Yaniss Odua, le son du reggae

Le reggaeman Yaniss Odua. © DR

Si certains artistes reggae se sont laissé bercer par les sirènes de la modernité à l’américaine, on peut compter sur Yaniss Odua pour respecter les codes du reggae roots et dancehall. Cet artiste né en Martinique a d’abord découvert la musique de la Jamaïque avec Peter Tosh et Jacob Miller, puis a vibré au son du dancehall des années 1990 avec Shabba Ranks. Après un premier passage sur scène à l’âge de dix ans, celui qui a encore l’adjectif "Little" avant son prénom découvre les studios peu de temps après. C’est le début d’une carrière au long cours. Ouvert sur les nouvelles tendances, Yaniss a eu sa période jungle/drum & bass et sait toaster en mode accéléré. Mais pour son nouvel album produit par le vétéran de Kingston Clive Hunt, il a choisi de privilégier les textes et les mélodies. Nouvelle Donne est un album de qualité qui vient nous rappeler que si les artistes jamaïcains contemporains suivent la tendance, Yaniss préfère aller dans la bonne direction : celle d’une musique à la fois militante et harmonieuse. Entretien avec un rasta posé et déterminé.

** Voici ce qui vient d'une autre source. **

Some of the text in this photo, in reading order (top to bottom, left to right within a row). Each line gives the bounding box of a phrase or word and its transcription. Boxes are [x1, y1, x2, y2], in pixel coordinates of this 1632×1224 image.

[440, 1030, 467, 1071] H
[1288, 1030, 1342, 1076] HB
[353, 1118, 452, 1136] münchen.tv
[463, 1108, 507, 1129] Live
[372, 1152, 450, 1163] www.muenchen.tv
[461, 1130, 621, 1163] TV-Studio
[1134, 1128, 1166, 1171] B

RFI Musique : Vous avez démarré très jeune dans la musique…
Yaniss Odua
 : Mon cousin Daddy Harry était deejay en Martinique avec le groupe Volcanic MC. J’ai commencé avec lui et Don Miguel qui a sorti les premiers albums reggae dancehall de l’île. J’allais chez lui tous les jours pour entendre ses morceaux, je les connaissais par cœur. Et un jour, quand j’avais dix ans, il m’a introduit sur scène, sous le nom de Little Yannis, et m’a demandé de chanter un morceau. Ça m’a pris au dépourvu, j’ai chanté, mais j’étais pétrifié, j’ai mis trois jours à m’en remettre ! (rires) Après ça, mon cousin m’a offert l’enregistrement d’un album parce que j’avais bien travaillé pendant l’année scolaire. J’avais douze ans. Je me souviendrai toujours du premier jour où je suis arrivé : c’était un grand studio avec des machines, une vraie tour de contrôle. Et ça s’est bien passé, je me suis habitué. J’étais dans le conscient à 100%. Il fallait faire des recherches quand on avait trouvé son thème.

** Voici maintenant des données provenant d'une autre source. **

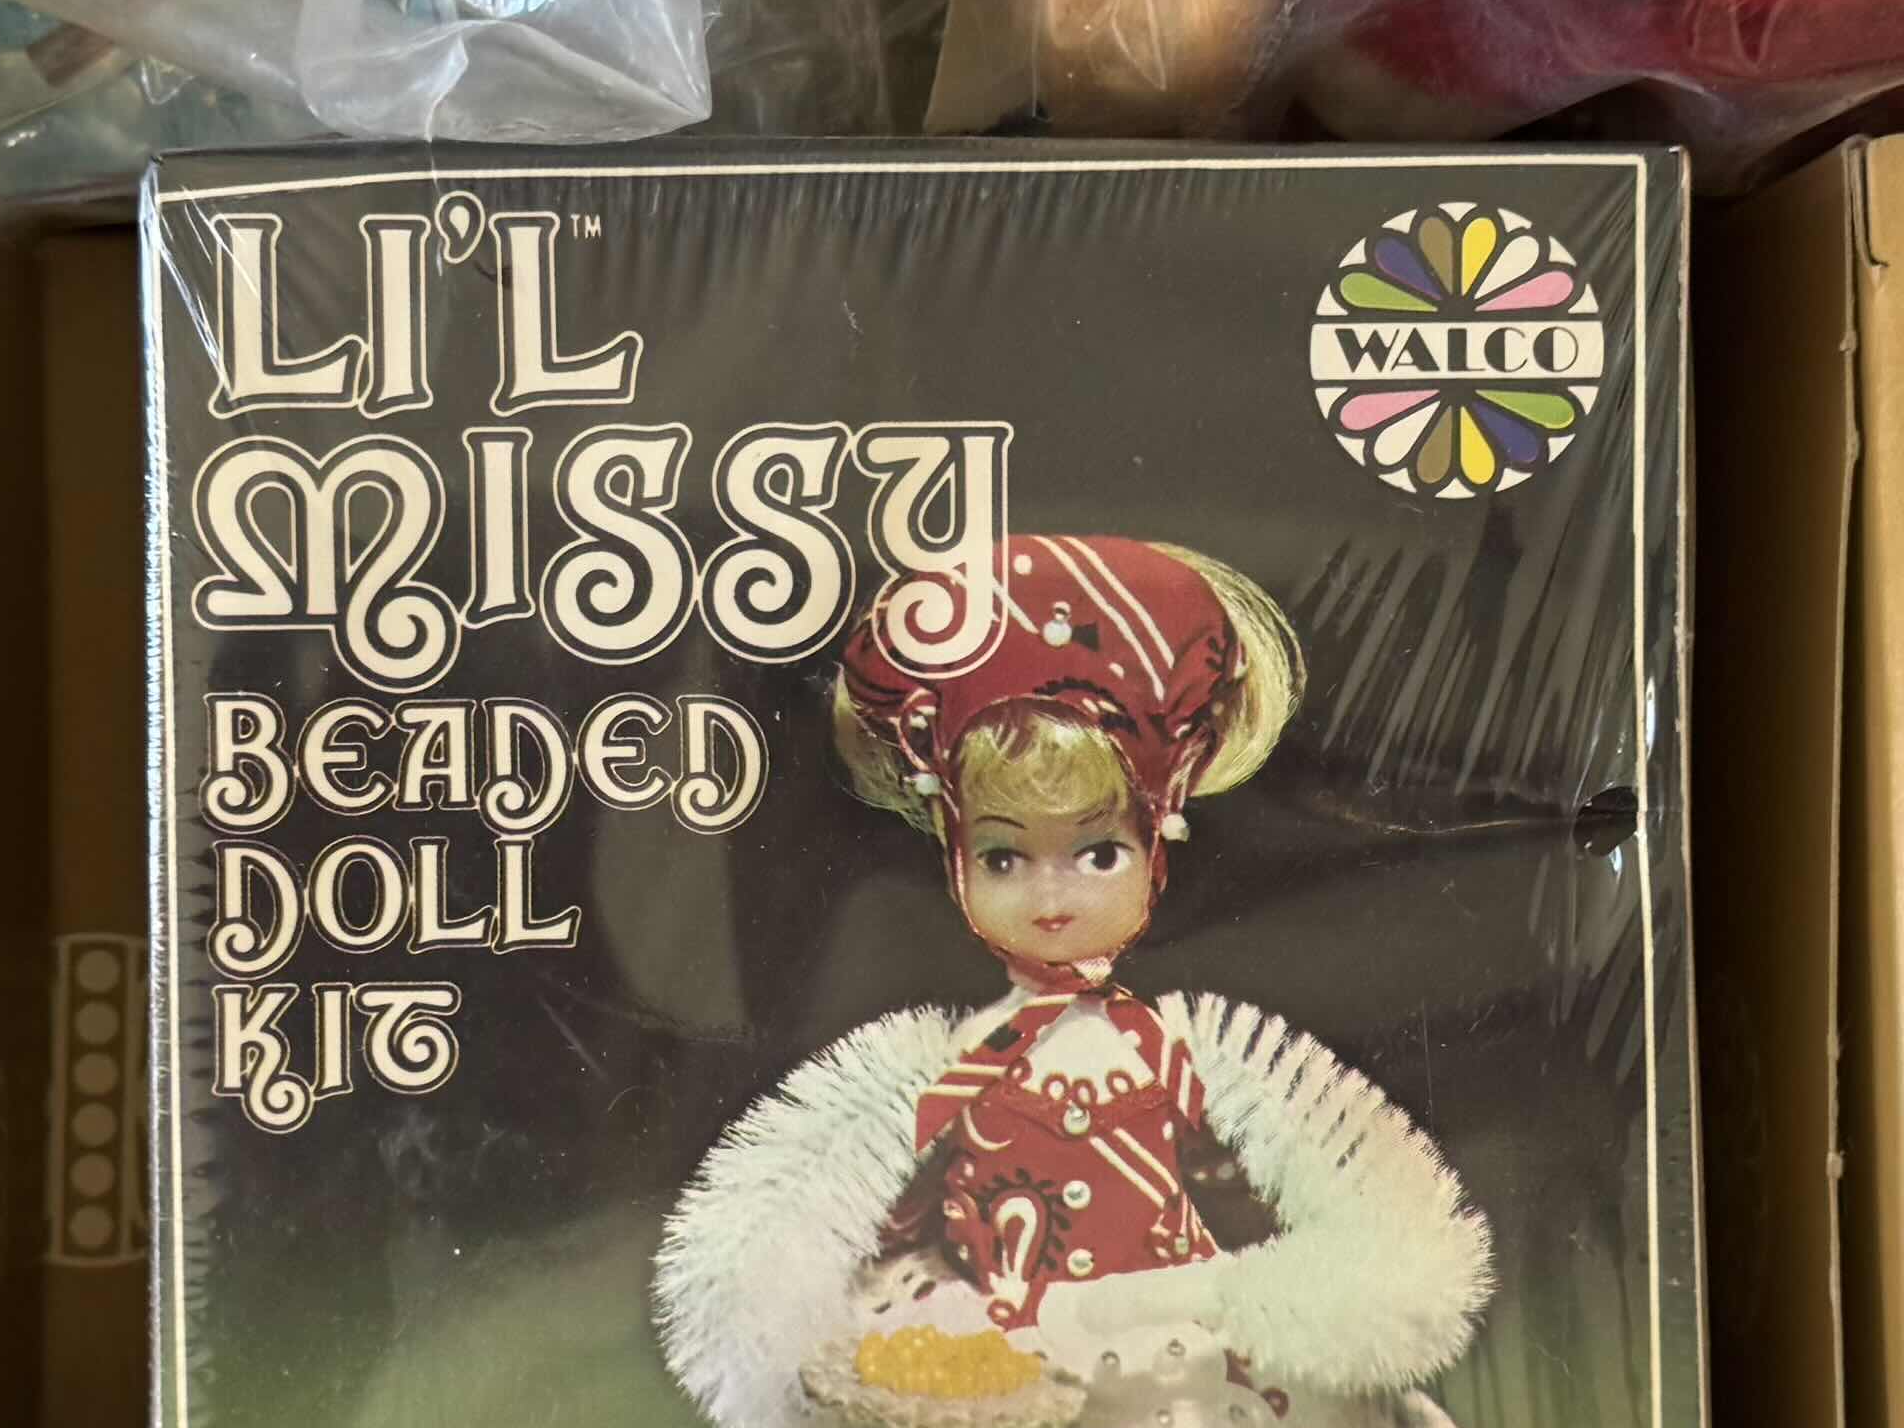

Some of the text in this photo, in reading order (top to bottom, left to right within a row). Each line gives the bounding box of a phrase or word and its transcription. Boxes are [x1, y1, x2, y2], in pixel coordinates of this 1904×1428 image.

[208, 190, 643, 418] LI'L
[1334, 326, 1579, 374] WALCO
[192, 421, 1014, 691] MISSY
[201, 692, 768, 834] BEADED
[207, 835, 581, 979] DOLL
[211, 982, 462, 1134] KIT
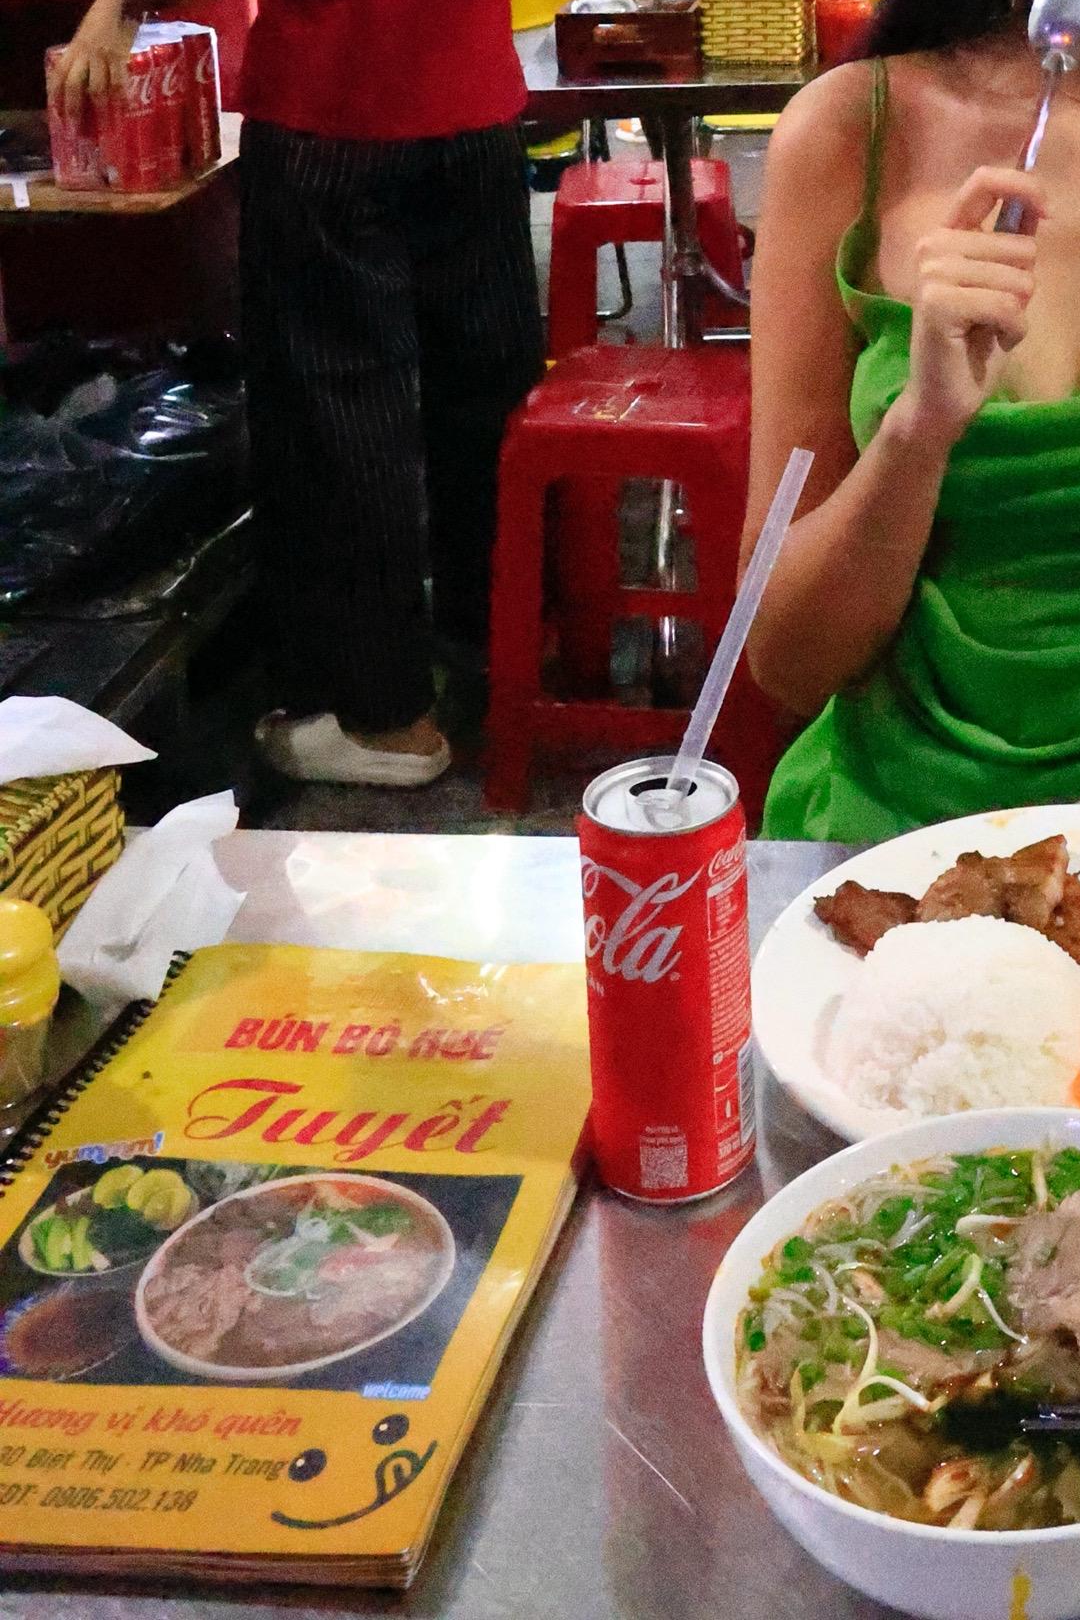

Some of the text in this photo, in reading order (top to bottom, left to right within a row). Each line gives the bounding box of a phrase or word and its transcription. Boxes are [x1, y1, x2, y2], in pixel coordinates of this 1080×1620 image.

[224, 1013, 330, 1053] BÚN
[184, 1078, 513, 1163] Tuyết
[363, 1381, 431, 1399] welcome
[142, 1406, 214, 1432] khó
[213, 1408, 302, 1440] quên
[172, 1452, 217, 1475] Nha
[223, 1453, 289, 1481] Trang

Quelle est votre appréciation du rap français ?
Au début le rap ne me parlait pas trop, j’étais dancehall à 200%. On a eu des clashs au pays avec les musiciens de zouk car dès qu’ils en avaient l’opportunité, ils disaient que c’était du bruit. J’ai collaboré avec des rappeurs à l’époque de la compilation Red Zone, comme Maj Trafyk, qui m’a initié au hip hop. Il m’a ramené les albums de Busta Flex, Idéal J et Ombre est Lumière d’IAM.

Comment avez-vous convaincu Clive Hunt de produire vos albums Moment idéal puis Nouvelle Donne ?
On a été en Jamaïque, j’avais peur que l’argent soit un problème, mais on a dit à Clive qu’on était en autoproduction. On a joué cartes sur table en lui demandant s’il était partant quand même. Il nous a dit "Prenez vos billets d’avion, on va faire l’album" ! J’avais déjà été en Jamaïque pour le Reggae Sumfest en 2002, puis deux ou trois fois depuis. Pas en tant que touriste, mais chez les gens, avec mes amis musiciens jamaïcains.

Comment avez-vous préparé ce nouvel album ?
On a senti la demande pendant la tournée. On a fait l’Europe, l’Afrique, La Réunion, l’ile Maurice, la Nouvelle-Calédonie, l’Amérique du Sud. Début 2016 on a commencé le travail. J’avais des thèmes, mais ma priorité était qu’il sonne différent du précédent, que ça soit nouveau. On a voulu rafraichir au niveau des influences musicales. Clive a sélectionné les musiciens en fonction de l’environnement musical. On a enregistré à Kingston, dans le studio où avait été conçu The Harder They Come. Il y a eu quelques retouches digitales en France, pour donner une couleur urbaine.

Un de vos morceaux s’intitule MDMA. Pouvez-vous nous expliquer ce titre ?
J’avais fait Chalawa sur l’herbe, et j’ai entendu certains amalgames de gens qui disaient que je chantais que la drogue était cool : j’ai voulu mettre les choses au point. Si la drogue douce est mise au même niveau que l’héroïne ou la cocaïne, on a un souci. Des jeunes m’écoutent donc je dis ce que je pense sur le sujet, pour tirer les choses au clair.